MiR-16, as a potential NF-κB-related miRNA, exerts anti-inflammatory effects on LPS-induced myocarditis via mediating CD40 expression: A preliminary study.

Abstract

The purpose of this study was to investigate the biological effect of miR-16 on myocarditis and the underlying molecular mechanism. H9c2 cells were treated with 10 µg/mL lipopolysaccharide (LPS) for 12 hours to form a myocarditis injury model. We observed that LPS treatment distinctly decreased the level of miR-16 in H9c2 cells. Upregulation of miR-16 increased cell proliferation and reduced cell apoptosis. Then, CD40 was predicted and verified as a target gene of miR-16 by TargetScan and luciferase reporter assay, respectively.
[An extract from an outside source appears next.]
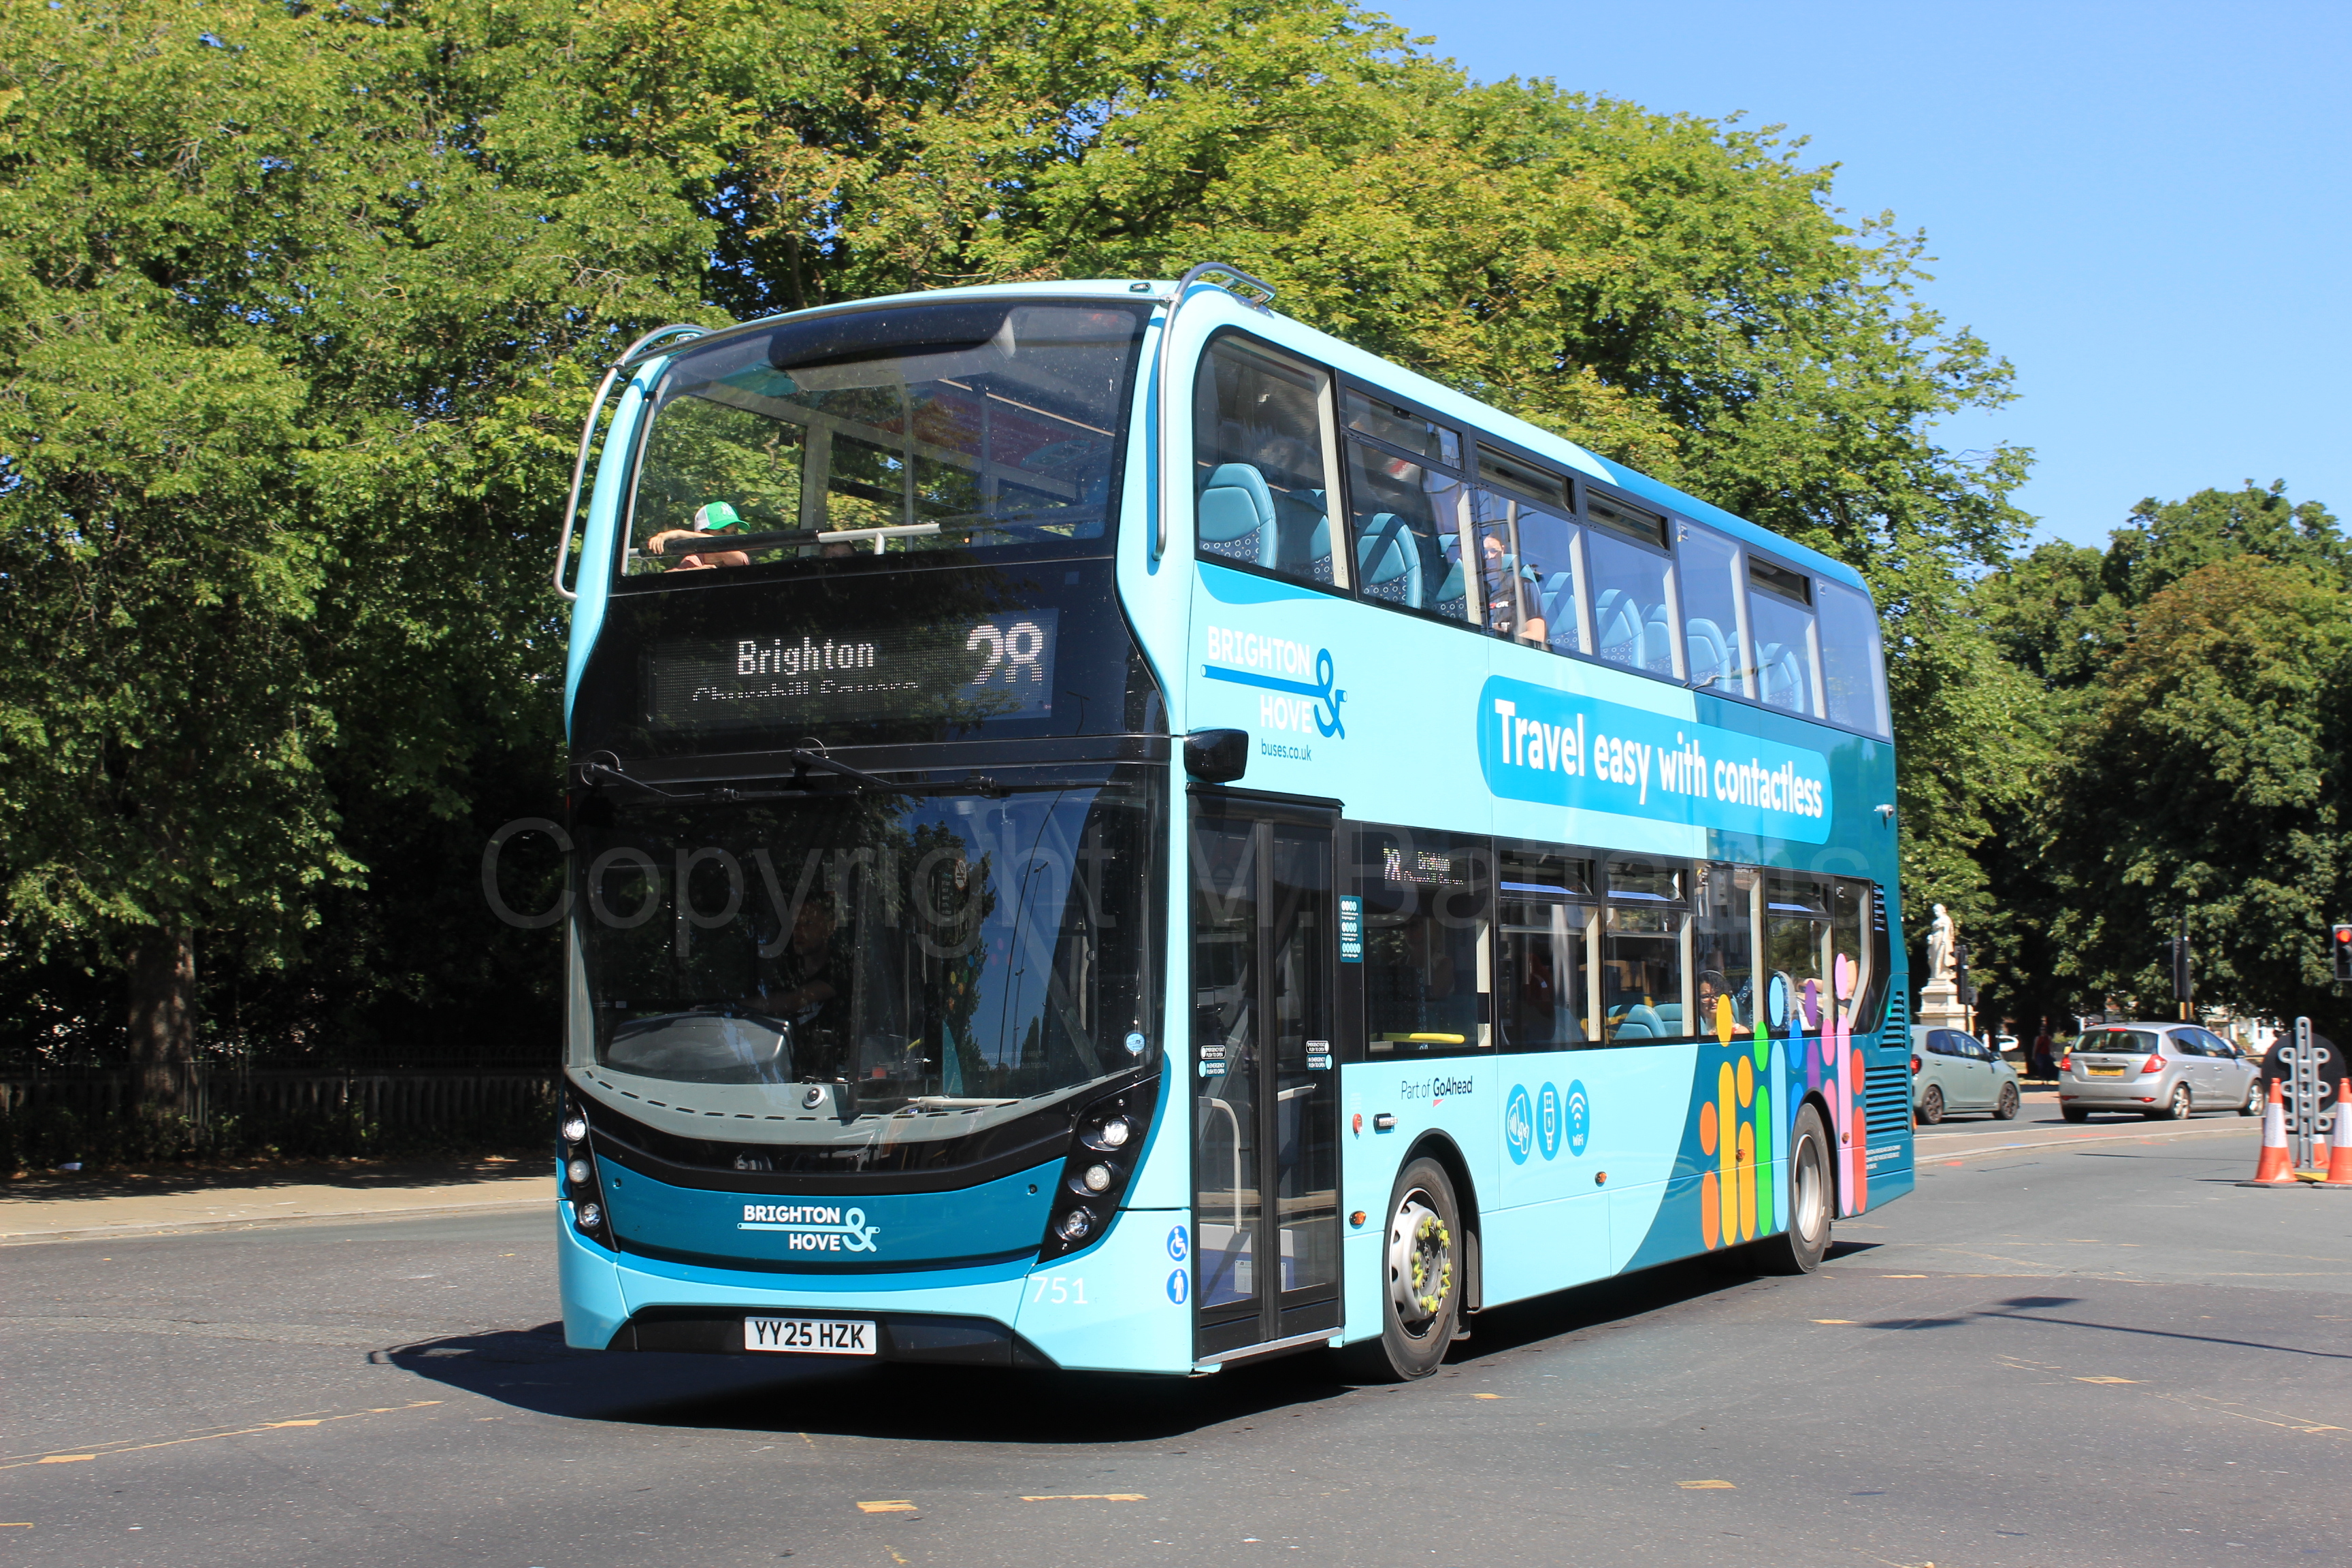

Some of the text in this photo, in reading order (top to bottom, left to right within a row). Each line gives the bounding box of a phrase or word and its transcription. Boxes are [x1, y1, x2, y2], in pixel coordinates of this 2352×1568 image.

Furthermore, the messenger RNA and protein expression of CD40 are negatively regulated by miR-16. The relative expression of inflammatory factors was dramatically decreased by the miR-16 mimic. Cells cotransfected with miR-16 mimic and si-CD40 could significantly abolish the injury of cardiomyocytes caused by myocarditis. Our study illustrated that the upregulation of miR-16 has a protective effect on LPS-damaged H9c2 cells, which may be achieved by regulating CD40 and the nuclear factor kappa B pathway.